Original title: PIETR-IE-LETTON. Also published as The Strange Case of Peter the Lett , and The Case of Peter the Lett.

This was the first of the Maigret novels, one of a dozen(!) published in 1931.

Synopsis from the back of the book:
    PIETR-IE-LETTON was among the very earliest Simenons. It must be the most tortuous puzzle of indentities ever handled by Maigret.

    Pietr the Lett had for many years been clocked across the frontiers by Interpol: he had the personality of a chameleon.

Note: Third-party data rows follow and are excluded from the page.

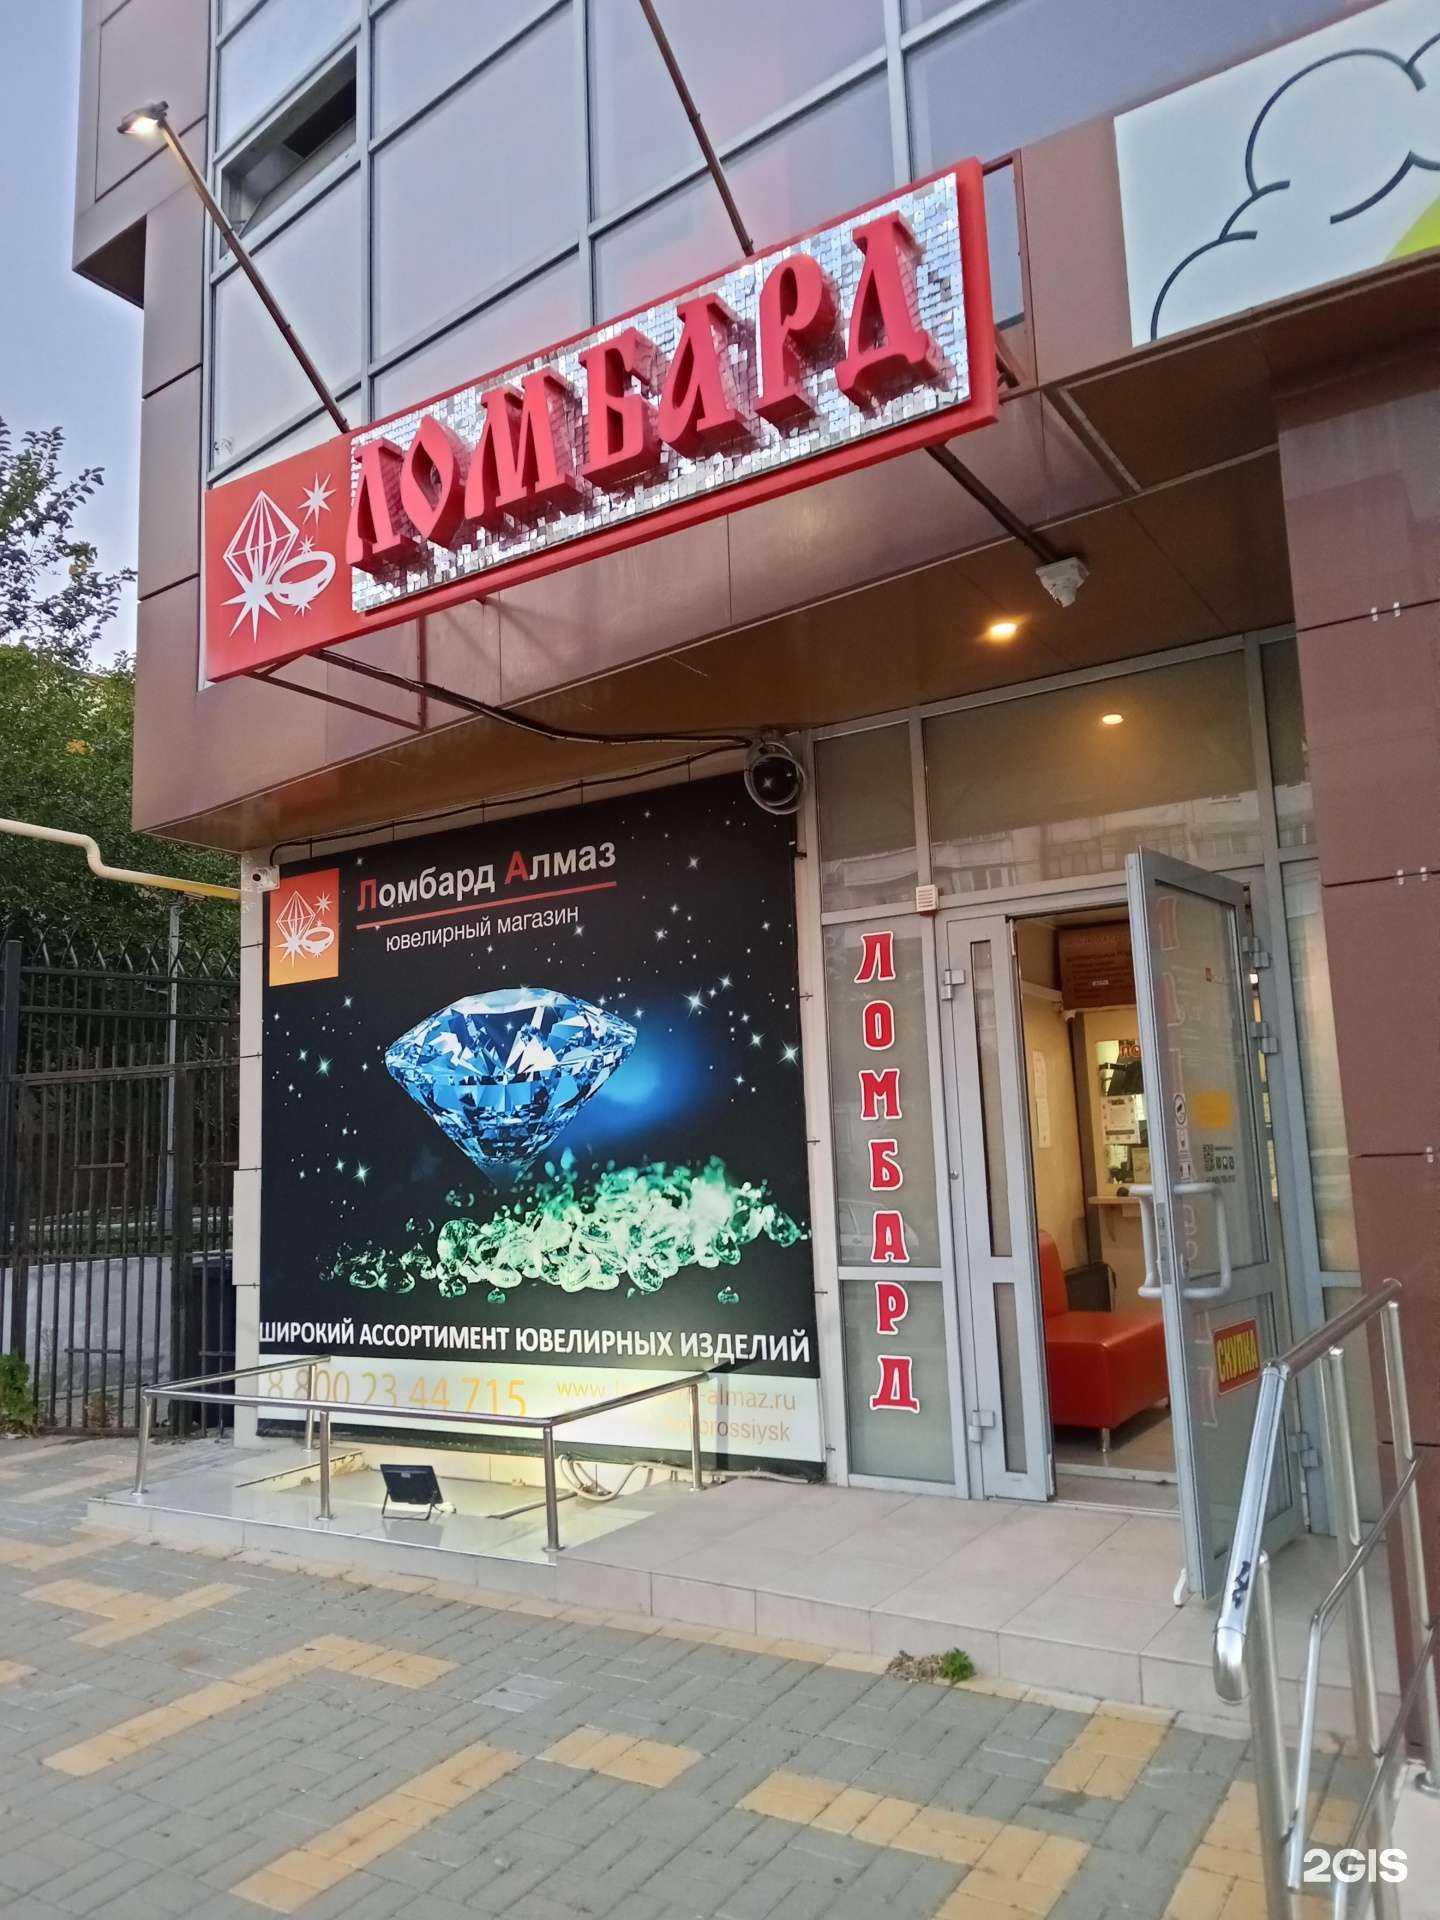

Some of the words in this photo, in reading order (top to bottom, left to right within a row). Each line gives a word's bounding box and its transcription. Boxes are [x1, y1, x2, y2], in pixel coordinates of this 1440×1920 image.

[345, 211, 937, 570] ЛОМБАРД
[357, 864, 496, 912] Ломбард
[504, 842, 616, 885] Алмаз
[386, 917, 491, 952] ювелирный
[498, 906, 579, 934] магазин
[854, 931, 919, 1413] ЛОМБАРД
[259, 1317, 354, 1345] ШИРОКИЙ
[360, 1323, 509, 1351] АССОРТИМЕНТ
[516, 1327, 673, 1358] ЮВЕЛИРНЫХ
[681, 1328, 810, 1365] ИЗДЕЛИЙ
[1216, 1329, 1259, 1383] СКУПКА
[409, 1373, 449, 1413] 44
[462, 1376, 527, 1418] 715

Apart from his extraordinary resemblance to the twisted corpse they found in the toilet of the Pole Star express when she drew into the Gare du Nord, he passed as Mr Oswald Oppenheim, immaculate friend of the Mortimer-Levingstons, multi-millionaires; he seemed to be Olaf Swaan, the Norwegian merchant officer of Fecamp; and he was Fedor Yurovich, a down-and-out Russian drunk from the Paris ghetto, to the life. Maigret needed the obstinate nose of a basset-hound to run down this dangerous international crook. He nearly lost his life once and, when they killed his old friend Inspector Torrence, nearly lost his head as well. But he was in at the kill.
I've paid tribute to Simenon before. This novel pre-dates that novel in my reading by at least a decade.
Perhaps what I should pay tribute to is the role of Penguin books in making Simenon novels available to Australian readers. According to the cover, I paid 2/6 for this copy. Now, for the young ones, that was the equivalent of 25 cents. Unreal isn't it?
I remember haunting, of all places, the bookshelves in David Jones, looking for the new green Penguins, and the Fontana paperbacks (Agatha Christies)

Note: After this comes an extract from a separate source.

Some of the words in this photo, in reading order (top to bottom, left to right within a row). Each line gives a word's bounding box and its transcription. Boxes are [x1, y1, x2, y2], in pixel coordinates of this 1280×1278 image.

There is an interesting list of Penguin Maigrets here.

By the way, can you identify the sleuths in the cartoon below? Answers here.

4 comments:

Dorte H said...

Good post.

But what I enjoyed most was probably the cover, and this remark: "my copy was published in 1963, and judging by my handwritten name in the front, I read it soon after that."

I have read a few Simenons; some of them are quite good but there is also one or two I never got through. Some plots just age better than others, I think.

Vanda Symon said...

I love this cartoon. Might have to print it off and stick it on my wall.

Kerrie said...

You are right, some Simenon has weathered better than others. It was a very minimalistic style Dorte

Kerrie said...

Some of those caricatures are great aren't they? They seem to capture the essence of the character, although I think Miss Marple looks a bit plump. Not sure what the olive wreath is meant to be, or is it a funeral wreath (as in murder mystery)?